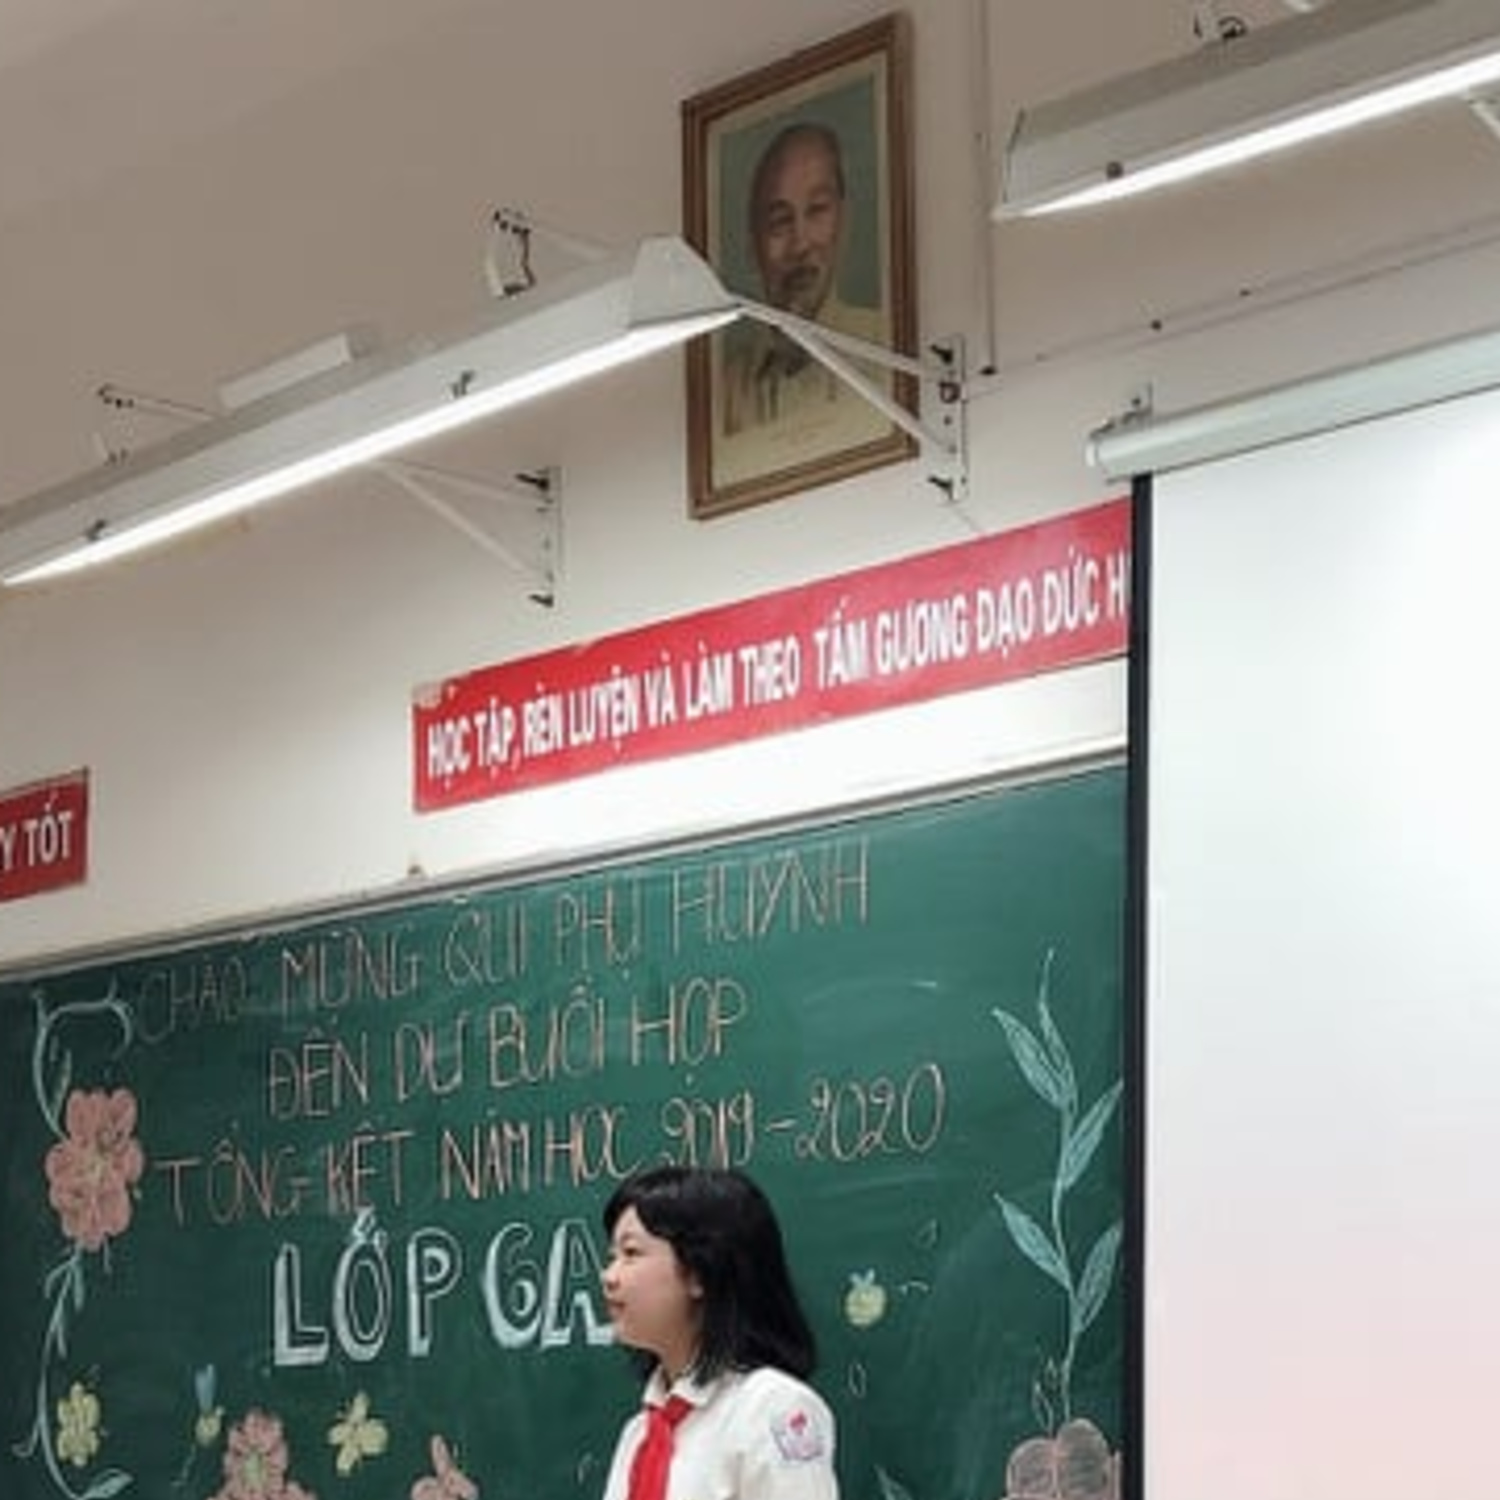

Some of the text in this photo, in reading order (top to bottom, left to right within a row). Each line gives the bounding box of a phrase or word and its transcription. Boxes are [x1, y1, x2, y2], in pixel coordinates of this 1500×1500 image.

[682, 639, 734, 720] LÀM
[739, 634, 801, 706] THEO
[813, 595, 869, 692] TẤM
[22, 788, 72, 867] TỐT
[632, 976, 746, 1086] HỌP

Your goal:
Could you retype the records above exactly, omitting the pictures?

Answer to this exercise:
Some of the text in this photo, in reading order (top to bottom, left to right within a row). Each line gives the bounding box of a phrase or word and its transcription. Boxes are [x1, y1, x2, y2], in pixel coordinates of this 1500×1500 image.

[682, 639, 734, 720] LÀM
[739, 634, 801, 706] THEO
[813, 595, 869, 692] TẤM
[22, 788, 72, 867] TỐT
[632, 976, 746, 1086] HỌP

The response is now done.